A call to reduce VAT on hospitality to 5% is currently the subject of an e-petition to the UK Government. In the EU, 21 countries have a lower VAT rate for the hotel sector (and 13 for the entire hospitality sector) than the UK. It is claimed that in France, where the rate was cut from nearly 20% to 5%, around 22,000 jobs were created in the first year alone.
For more than a year, The Herald has been calling on George Osborne to kickstart the economy by implementing "Plan B". A VAT cut would be the best place to start because, unlike other tax changes or infrastructure investment, the effects feed through to the economy instantly, leaving more cash in people's pockets and boosting consumer confidence. Is it because Labour's Alistair Darling used it so effectively and Ed Balls is calling for the same move that the Coalition is giving the idea the cold shoulder?
Yet such a move would make sense, especially in the hospitality sector, which is labour intensive, provided the savings were passed on in lower prices or increased employment.

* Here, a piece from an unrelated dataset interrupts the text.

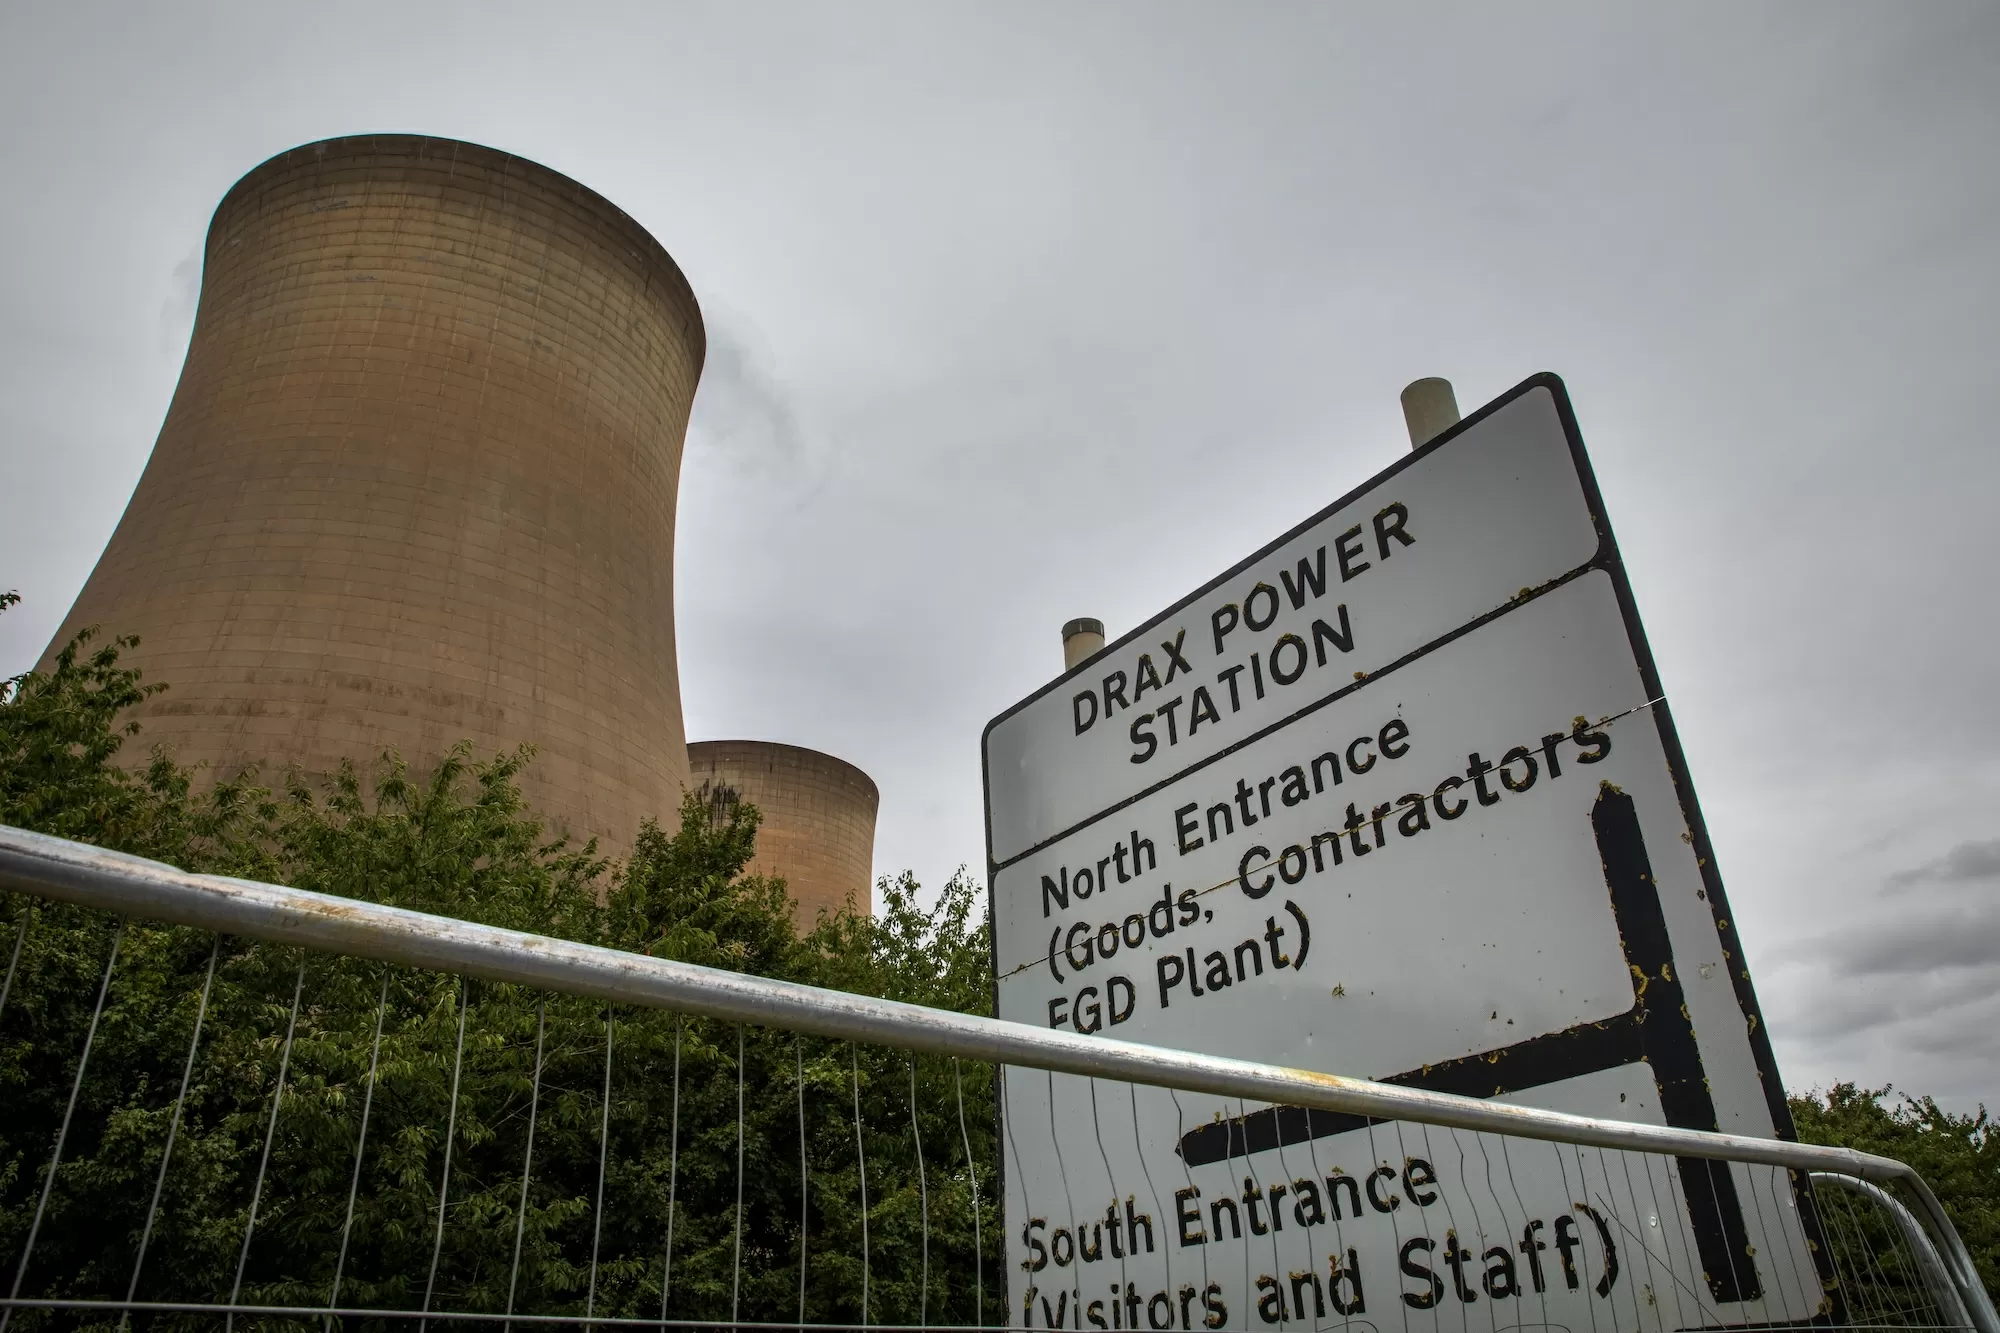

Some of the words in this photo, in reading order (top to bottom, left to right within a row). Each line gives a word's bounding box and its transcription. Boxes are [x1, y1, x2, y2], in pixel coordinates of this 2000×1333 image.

With the world's attention riveted on London 2012 and poor summer weather in many areas of Scotland, the country's tourism industry desperately needs a boost. A tax that demands an extra £1 from tourists for every £5 they pay out in hotels and restaurants must act as a barrier to growing a business and could even push some out of business.
Tourism minister John Penrose says he remains to be convinced that a cut would benefit the industry. Yet research by Deloittes concluded that a VAT cut to 5% in the industry would create 78,000 jobs and drive investment. This is an urgent issue in Scotland where tourism is the biggest private employer. At present the industry is trying to fight with one hand tied behind its back. A VAT cut might even pay for itself in increased employment and higher sales.